As Acemoglu once explained to the US Congress: American and world technology is shaped by the decisions of a handful of very large and very successful tech companies, with tiny workforces and a business model built on automation.”  And while government spending on research on AI has declined, AI research has switched to what can increase the profitability of a few multi-nationals, not social needs: “government spending on research has fallen as a fraction of GDP and its composition has shifted towards tax credits and support for corporations. The transformative technologies of the 20th century, such as antibiotics, sensors, modern engines, and the Internet, have the fingerprints of the government all over them. The government funded and purchased these technologies and often set the research agenda. This is much less true today.” That’s the business model for AI under capitalism. 

Acemoglu baulks at conventional policy for dealing with tech-based inequality, such as universal basic income, because “it leaves the underlying power distribution the same. It elevates people who are earning and gives others the crumbs. It makes the system more hierarchical in some sense.” 

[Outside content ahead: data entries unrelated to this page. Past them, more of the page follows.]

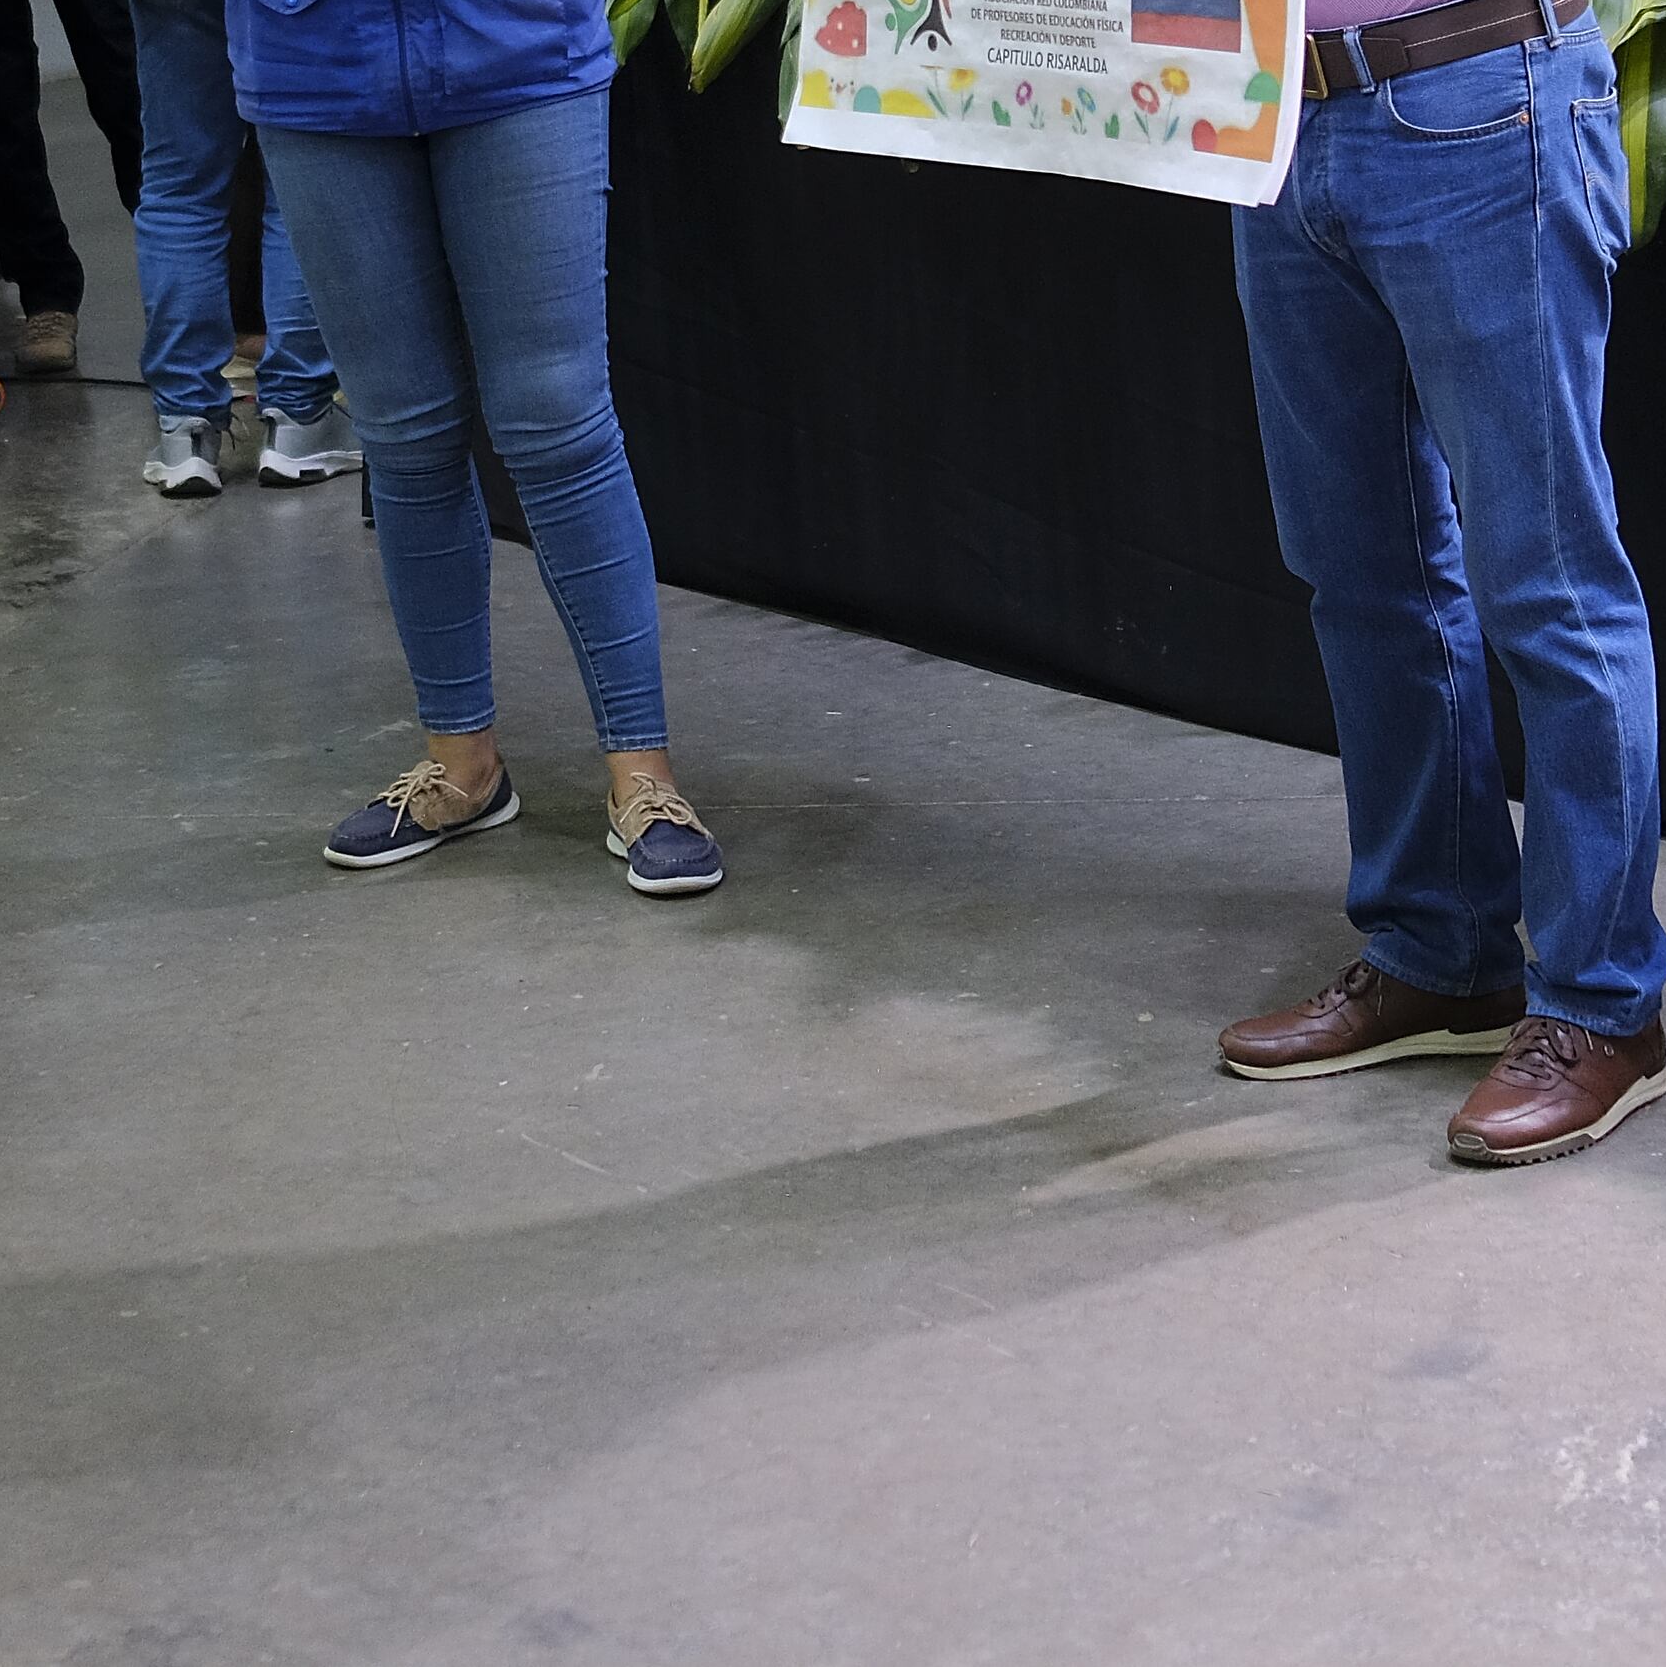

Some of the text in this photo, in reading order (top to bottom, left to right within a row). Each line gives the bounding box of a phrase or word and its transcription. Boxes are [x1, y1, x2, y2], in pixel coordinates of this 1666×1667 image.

[971, 8, 1124, 33] DE PROFESORES DE EDUCACIÓN FÍSICA
[1000, 29, 1097, 49] RECREACIÓN Y DEPORTE
[987, 47, 1108, 74] CAPITULO RISARALDA
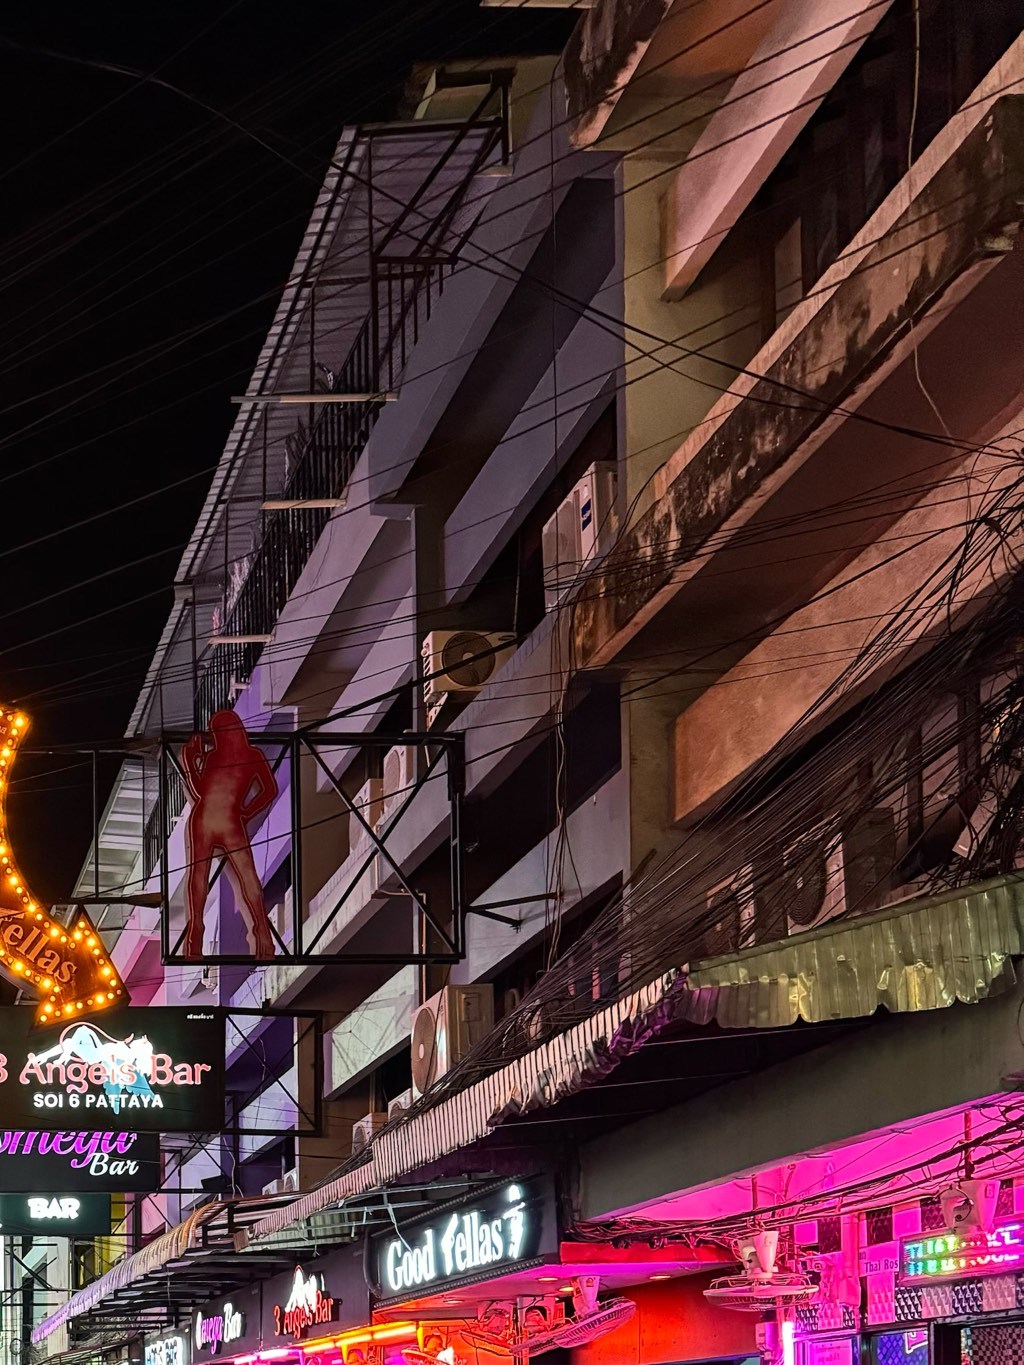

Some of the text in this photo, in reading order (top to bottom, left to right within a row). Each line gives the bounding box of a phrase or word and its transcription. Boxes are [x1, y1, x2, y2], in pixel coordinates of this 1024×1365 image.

[20, 1053, 136, 1093] Angels
[149, 1054, 211, 1085] Bar
[33, 1093, 164, 1108] SOI 6 PATTAYA
[89, 1152, 139, 1176] Bar
[27, 1197, 81, 1220] BAR
[387, 1227, 436, 1291] Good
[273, 1305, 281, 1337] 3
[315, 1289, 333, 1325] Bar

Instead: “I think the skills of a carpenter or a gardener or an electrician or a writer, those are just the greatest achievements of humanity, and I think we should try to elevate those skills and elevate those contributions,” he says. “Technology could do that, but that means to use technology not to replace these people, not to automate those tasks, but to increase their productivity by giving them better tools, better information and better organisation.”

But he has a touching belief in the current US administration. Biden is the most pro-worker president since Franklin D Roosevelt.”  Acemoglu reckons “We need to create an environment in which workers have a voice” — though not necessarily the current union structure.” He looks to the ‘Germanic model’ in which the public and private sectors and labour ‘work together’, rather than the US’s neo-liberal regimen.

But Acemoglu hints at a better alternative: You read evolutionary psychology or talk to many people who would say they want to be richer than you, more powerful than the other person and so on, and you think that’s the way it is. But then you talk to anthropologists, and they’ll tell you that for much of our humanity we lived in this egalitarian hunter-gatherer manner — so, what’s up with that?”  An egalitarian society where automation is used to meet social need requires cooperative, commonly owned automated means of production.  Rather than reduce jobs and the livelihoods of humans, AI under common ownership and planning could reduce the hours of human labour for all.  That would be the real game changer.